A obra deve figurar ao lado de outras que se propuseram a narrar guerras e conflitos - Maus, Persépolis, Gorazde, Palestina, Notas sobre Gaza, O Fotógrafo e outras - como uma das leituras obrigatórias dentro dos quadrinhos para compreender o século XX.
Se por um lado os japoneses são normalmente pintados como racistas, xenofóbicos e com um senso de orgulho desmedido, em Gen fica claro que eles também foram tratados com uma brutalidade sem tamanho. Não é de espantar que os britânicos e americanos fossem vistos como bárbaros e demônios. Entretanto, o governo e os militares não deixaram de se aproveitar desse nacionalista exacerbado japonês para propagar notícias falsas, induzindo a população a apoiar a guerra e se dispor a lutar até o último homem. Tudo pelo orgulho.
O sol, onipresente, parece representar não apenas a bandeira imperial e a passagem do tempo, mas também testemunhar inclemente o sofrimento daquelas pessoas. Perto do final, sua presença é cada vez mais frequente, remetendo ao calor de mil sóis produzido pela explosão.
As falas pacifistas do pai de Gen parecem ingênuas e a construção das personagens não é elaborada; eu não sei se isso foi proposital ou é uma deficiência narrativa do autor. Na verdade, a própria arte do mangá me pareceu simplória se comparada aos grandes quadrinhistas ocidentais que conheço e eu não sou capaz de avaliar se isso é uma característica do estilo japonês. Mas é um relato autêntico e sincero das dificuldades nos meses que antecederam o bombardeio definitivo. O drama é crescente e nós nos sentimos acompanhando uma contagem regressiva à medida que o desfecho se aproxima.
Quanta miséria seria necessária para que a população se revoltasse contra a guerra e contra o imperador? Essa pergunta ficou sem resposta, porque a guerra foi finalizada de maneira abrupta e cruel. Estava claro para os americanos que quem dominasse primeiro a tecnologia para armas nucleares finalizaria o conflito, e eles investiram nisso. Nesse ponto, um erro histórico é cometido pelo autor, que coloca Albert Einstein como responsável pela bomba, quando ele na verdade não participou do projeto Manhattan.

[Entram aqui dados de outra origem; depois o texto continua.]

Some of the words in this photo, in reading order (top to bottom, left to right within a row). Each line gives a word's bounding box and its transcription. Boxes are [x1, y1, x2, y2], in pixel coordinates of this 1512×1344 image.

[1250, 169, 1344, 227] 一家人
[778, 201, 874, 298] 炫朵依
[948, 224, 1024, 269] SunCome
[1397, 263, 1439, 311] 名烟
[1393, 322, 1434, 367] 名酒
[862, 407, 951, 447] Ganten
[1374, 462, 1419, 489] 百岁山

Um outro erro, talvez de julgamento, foi o de atribuir a causa dos bombardeios e as consequências da guerra somente ao excesso de nacionalismo e do clima militarista do país, e nada ao racismo ocidental e ao jogo de poder da guerra fria que se descortinava. Isso com certeza torna a narrativa bem mais palatável para os leitores ocidentais.

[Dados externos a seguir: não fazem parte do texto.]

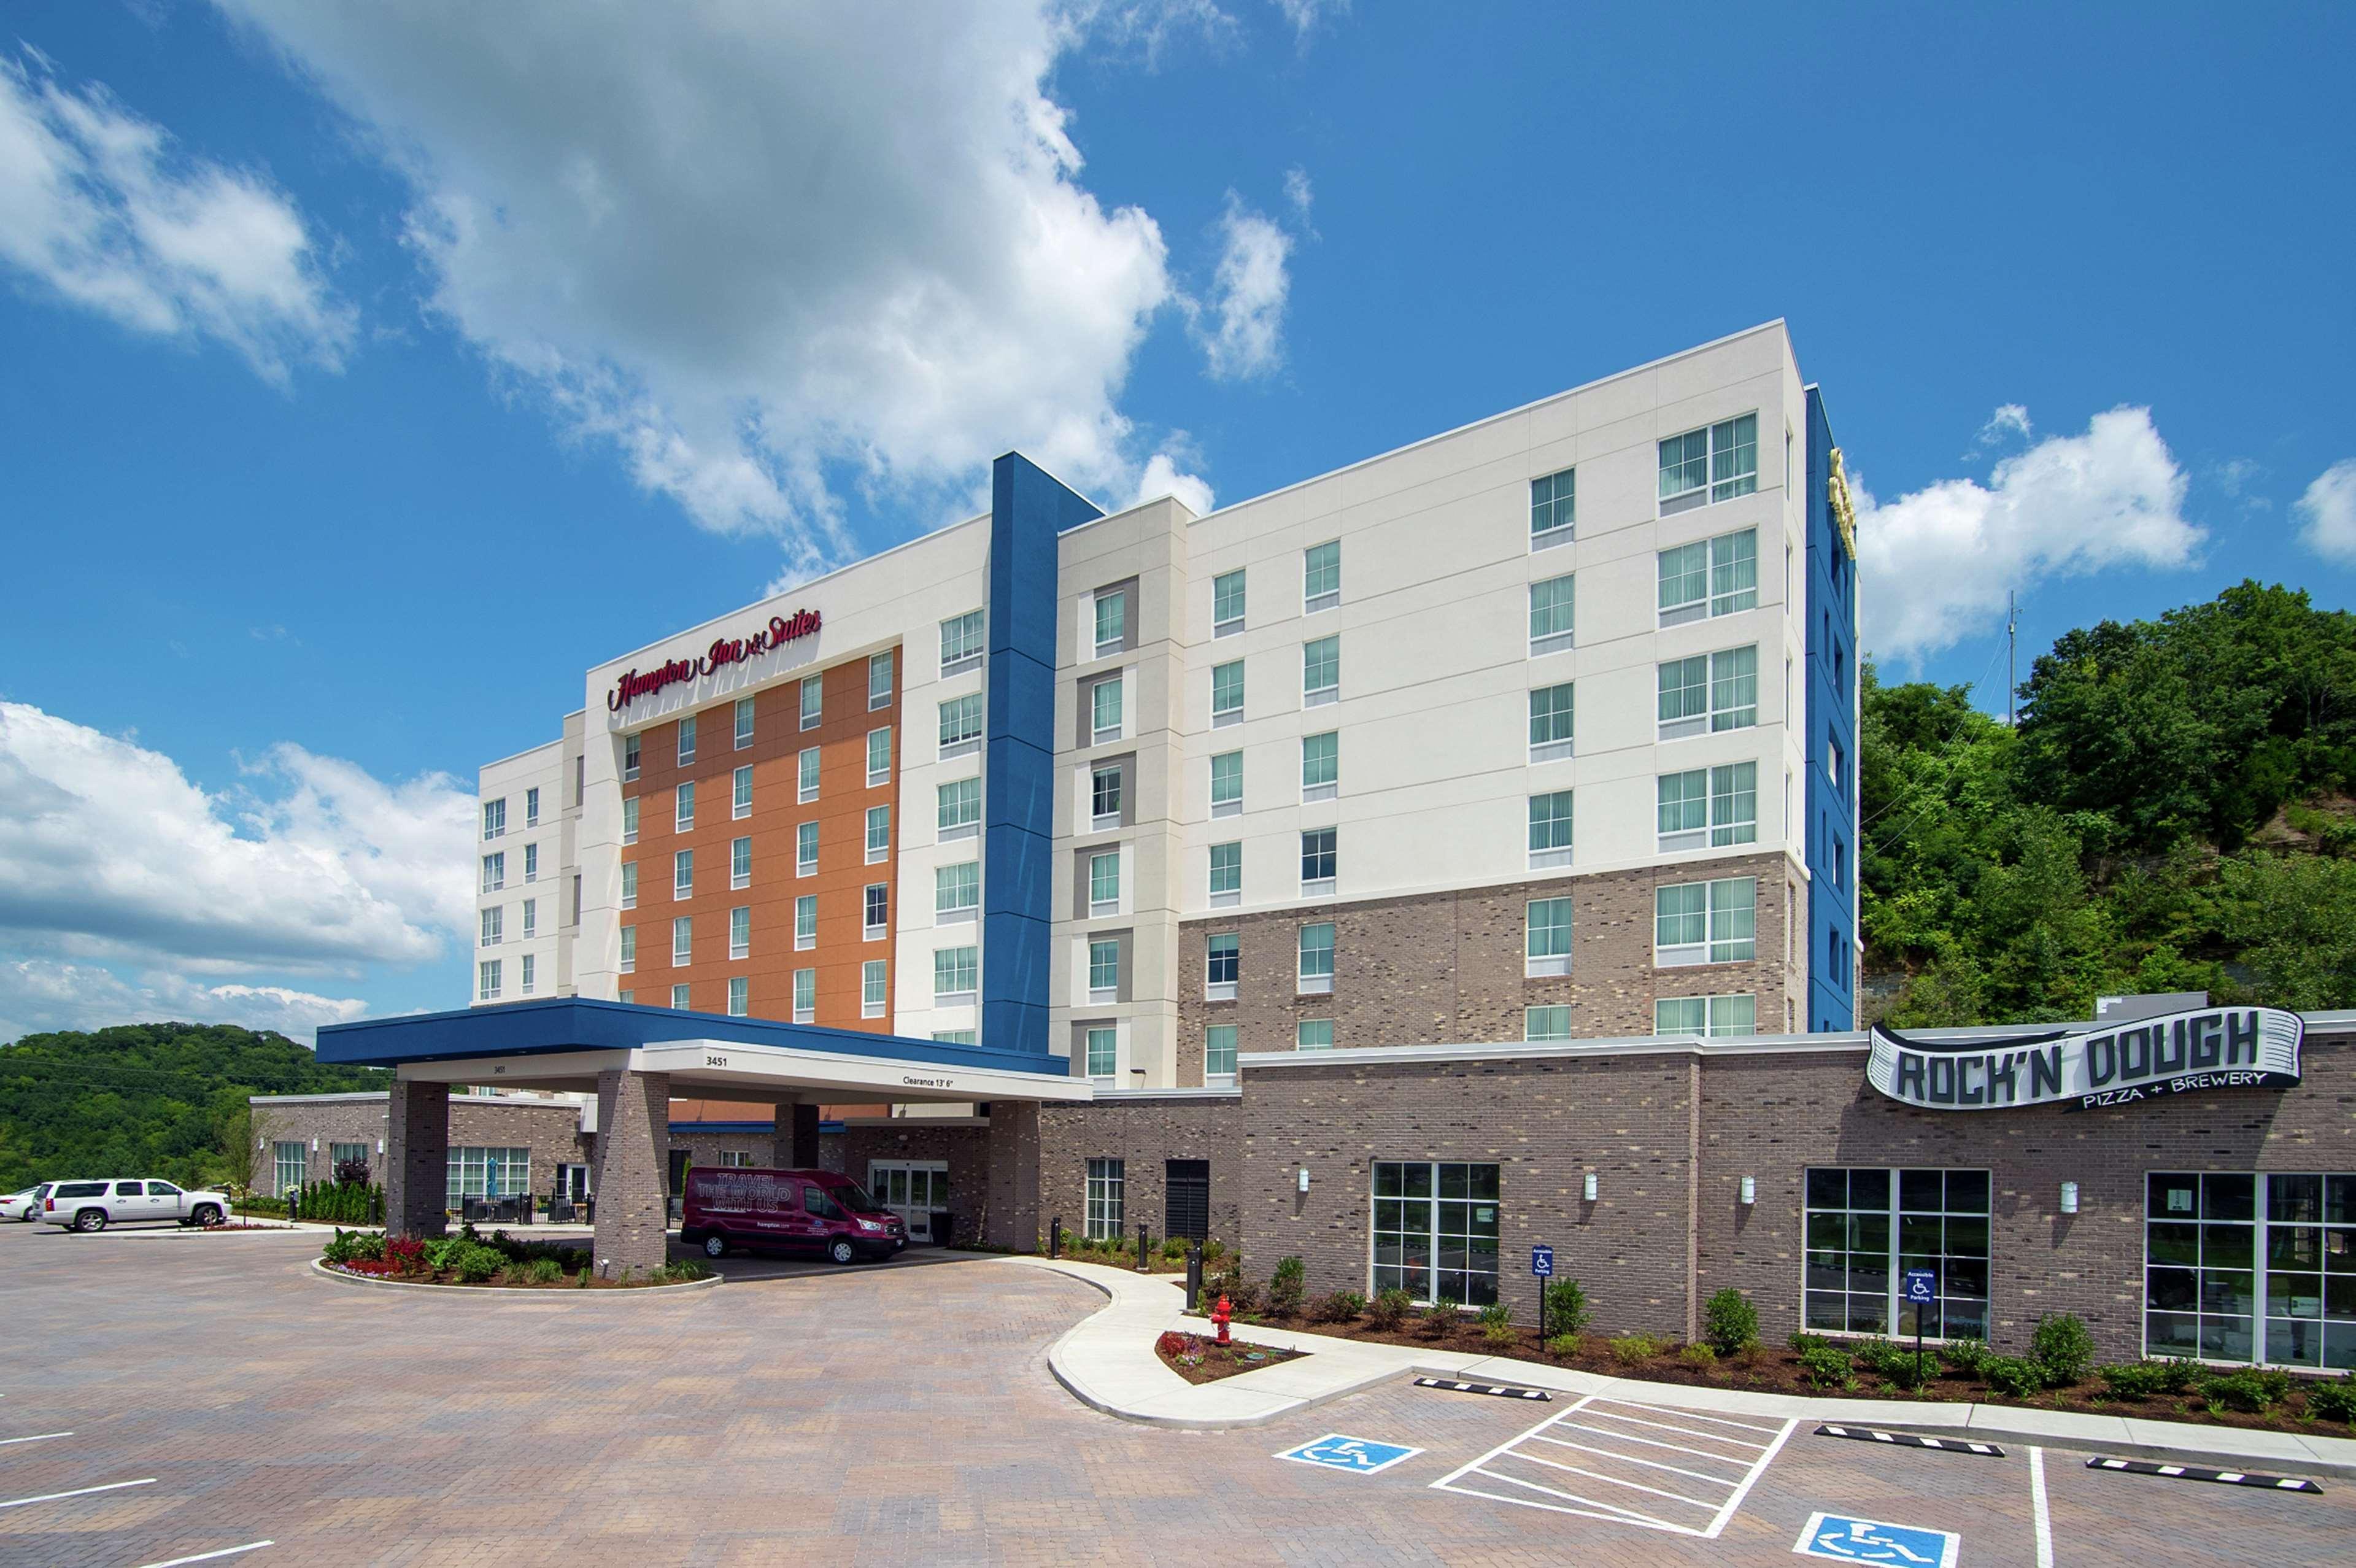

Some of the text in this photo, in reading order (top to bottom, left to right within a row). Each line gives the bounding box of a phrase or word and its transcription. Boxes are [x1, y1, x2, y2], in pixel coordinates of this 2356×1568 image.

[607, 608, 822, 712] Hampton Inn & Suites
[706, 1056, 727, 1067] 3451
[1898, 1011, 2259, 1104] ROCK'N DOUGH
[903, 1076, 934, 1086] Clearance
[2082, 1088, 2144, 1109] PIZZA
[2170, 1072, 2268, 1092] BREWERY
[717, 1173, 777, 1189] TRAVEL
[697, 1183, 791, 1202] THE WORLD
[712, 1197, 778, 1213] WITH US

O vigor da narrativa é tal que muitos japoneses, ao lerem o mangá, chegaram a perguntar se aquilo havia acontecido de verdade. Mas apesar de tudo, Gen é uma obra repleta de otimismo. A ideia de que tudo em breve estará melhor percorre toda a obra. "O trigo pisoteado produz raízes fortes" é uma imagem constante de resignação e esperança.